> Assignment: Repeat the listing in full. Nothing may be added or left out.

☆ ☆ ☆ ☆ ☆

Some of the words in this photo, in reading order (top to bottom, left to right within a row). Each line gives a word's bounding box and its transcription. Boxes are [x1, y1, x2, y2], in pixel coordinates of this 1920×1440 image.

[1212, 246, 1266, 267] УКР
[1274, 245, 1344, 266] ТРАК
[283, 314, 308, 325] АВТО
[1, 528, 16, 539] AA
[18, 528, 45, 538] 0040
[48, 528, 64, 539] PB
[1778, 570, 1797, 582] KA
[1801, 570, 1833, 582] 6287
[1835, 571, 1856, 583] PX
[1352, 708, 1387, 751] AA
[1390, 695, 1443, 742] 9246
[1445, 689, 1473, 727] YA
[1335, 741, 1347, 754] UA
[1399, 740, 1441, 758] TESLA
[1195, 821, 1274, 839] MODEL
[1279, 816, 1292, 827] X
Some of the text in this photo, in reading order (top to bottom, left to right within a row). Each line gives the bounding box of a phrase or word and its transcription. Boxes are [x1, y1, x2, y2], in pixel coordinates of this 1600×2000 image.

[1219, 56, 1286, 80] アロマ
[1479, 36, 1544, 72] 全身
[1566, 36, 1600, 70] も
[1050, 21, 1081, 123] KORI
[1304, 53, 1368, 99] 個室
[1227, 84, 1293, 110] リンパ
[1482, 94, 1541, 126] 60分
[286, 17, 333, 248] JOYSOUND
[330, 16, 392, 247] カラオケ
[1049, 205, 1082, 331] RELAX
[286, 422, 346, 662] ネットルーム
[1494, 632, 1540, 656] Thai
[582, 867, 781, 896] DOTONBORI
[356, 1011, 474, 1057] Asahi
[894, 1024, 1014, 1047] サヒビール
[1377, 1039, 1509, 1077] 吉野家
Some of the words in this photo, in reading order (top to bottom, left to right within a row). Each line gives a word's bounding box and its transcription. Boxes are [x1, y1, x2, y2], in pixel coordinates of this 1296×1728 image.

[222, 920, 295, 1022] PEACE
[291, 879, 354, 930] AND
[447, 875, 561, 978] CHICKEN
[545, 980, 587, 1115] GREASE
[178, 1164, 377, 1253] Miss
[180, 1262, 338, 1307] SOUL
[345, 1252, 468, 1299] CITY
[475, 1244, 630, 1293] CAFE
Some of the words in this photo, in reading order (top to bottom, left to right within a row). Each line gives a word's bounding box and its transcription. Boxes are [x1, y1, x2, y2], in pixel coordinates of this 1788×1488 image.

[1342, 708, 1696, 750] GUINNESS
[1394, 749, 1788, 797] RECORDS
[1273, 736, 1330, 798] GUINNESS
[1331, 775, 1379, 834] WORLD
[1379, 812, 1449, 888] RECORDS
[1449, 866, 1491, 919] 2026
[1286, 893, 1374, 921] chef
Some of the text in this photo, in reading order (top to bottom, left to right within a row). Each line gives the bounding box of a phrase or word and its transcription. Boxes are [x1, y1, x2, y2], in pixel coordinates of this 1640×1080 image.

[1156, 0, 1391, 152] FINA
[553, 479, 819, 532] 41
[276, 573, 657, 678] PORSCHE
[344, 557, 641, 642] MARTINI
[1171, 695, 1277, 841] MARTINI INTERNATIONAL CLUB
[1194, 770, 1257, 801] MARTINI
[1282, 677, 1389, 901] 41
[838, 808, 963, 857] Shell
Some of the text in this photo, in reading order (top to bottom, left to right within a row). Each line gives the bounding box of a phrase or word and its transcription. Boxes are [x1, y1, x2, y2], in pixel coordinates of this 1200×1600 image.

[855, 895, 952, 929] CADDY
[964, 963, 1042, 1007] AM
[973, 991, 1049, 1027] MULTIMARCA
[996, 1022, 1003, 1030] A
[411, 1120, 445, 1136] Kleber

☆ ☆ ☆ ☆ ☆

> Task output:
Some of the words in this photo, in reading order (top to bottom, left to right within a row). Each line gives a word's bounding box and its transcription. Boxes are [x1, y1, x2, y2], in pixel coordinates of this 1920×1440 image.

[1212, 246, 1266, 267] УКР
[1274, 245, 1344, 266] ТРАК
[283, 314, 308, 325] АВТО
[1, 528, 16, 539] AA
[18, 528, 45, 538] 0040
[48, 528, 64, 539] PB
[1778, 570, 1797, 582] KA
[1801, 570, 1833, 582] 6287
[1835, 571, 1856, 583] PX
[1352, 708, 1387, 751] AA
[1390, 695, 1443, 742] 9246
[1445, 689, 1473, 727] YA
[1335, 741, 1347, 754] UA
[1399, 740, 1441, 758] TESLA
[1195, 821, 1274, 839] MODEL
[1279, 816, 1292, 827] X
Some of the text in this photo, in reading order (top to bottom, left to right within a row). Each line gives the bounding box of a phrase or word and its transcription. Boxes are [x1, y1, x2, y2], in pixel coordinates of this 1600×2000 image.

[1219, 56, 1286, 80] アロマ
[1479, 36, 1544, 72] 全身
[1566, 36, 1600, 70] も
[1050, 21, 1081, 123] KORI
[1304, 53, 1368, 99] 個室
[1227, 84, 1293, 110] リンパ
[1482, 94, 1541, 126] 60分
[286, 17, 333, 248] JOYSOUND
[330, 16, 392, 247] カラオケ
[1049, 205, 1082, 331] RELAX
[286, 422, 346, 662] ネットルーム
[1494, 632, 1540, 656] Thai
[582, 867, 781, 896] DOTONBORI
[356, 1011, 474, 1057] Asahi
[894, 1024, 1014, 1047] サヒビール
[1377, 1039, 1509, 1077] 吉野家
Some of the words in this photo, in reading order (top to bottom, left to right within a row). Each line gives a word's bounding box and its transcription. Boxes are [x1, y1, x2, y2], in pixel coordinates of this 1296×1728 image.

[222, 920, 295, 1022] PEACE
[291, 879, 354, 930] AND
[447, 875, 561, 978] CHICKEN
[545, 980, 587, 1115] GREASE
[178, 1164, 377, 1253] Miss
[180, 1262, 338, 1307] SOUL
[345, 1252, 468, 1299] CITY
[475, 1244, 630, 1293] CAFE
Some of the words in this photo, in reading order (top to bottom, left to right within a row). Each line gives a word's bounding box and its transcription. Boxes are [x1, y1, x2, y2], in pixel coordinates of this 1788×1488 image.

[1342, 708, 1696, 750] GUINNESS
[1394, 749, 1788, 797] RECORDS
[1273, 736, 1330, 798] GUINNESS
[1331, 775, 1379, 834] WORLD
[1379, 812, 1449, 888] RECORDS
[1449, 866, 1491, 919] 2026
[1286, 893, 1374, 921] chef
Some of the text in this photo, in reading order (top to bottom, left to right within a row). Each line gives the bounding box of a phrase or word and its transcription. Boxes are [x1, y1, x2, y2], in pixel coordinates of this 1640×1080 image.

[1156, 0, 1391, 152] FINA
[553, 479, 819, 532] 41
[276, 573, 657, 678] PORSCHE
[344, 557, 641, 642] MARTINI
[1171, 695, 1277, 841] MARTINI INTERNATIONAL CLUB
[1194, 770, 1257, 801] MARTINI
[1282, 677, 1389, 901] 41
[838, 808, 963, 857] Shell
Some of the text in this photo, in reading order (top to bottom, left to right within a row). Each line gives the bounding box of a phrase or word and its transcription. Boxes are [x1, y1, x2, y2], in pixel coordinates of this 1200×1600 image.

[855, 895, 952, 929] CADDY
[964, 963, 1042, 1007] AM
[973, 991, 1049, 1027] MULTIMARCA
[996, 1022, 1003, 1030] A
[411, 1120, 445, 1136] Kleber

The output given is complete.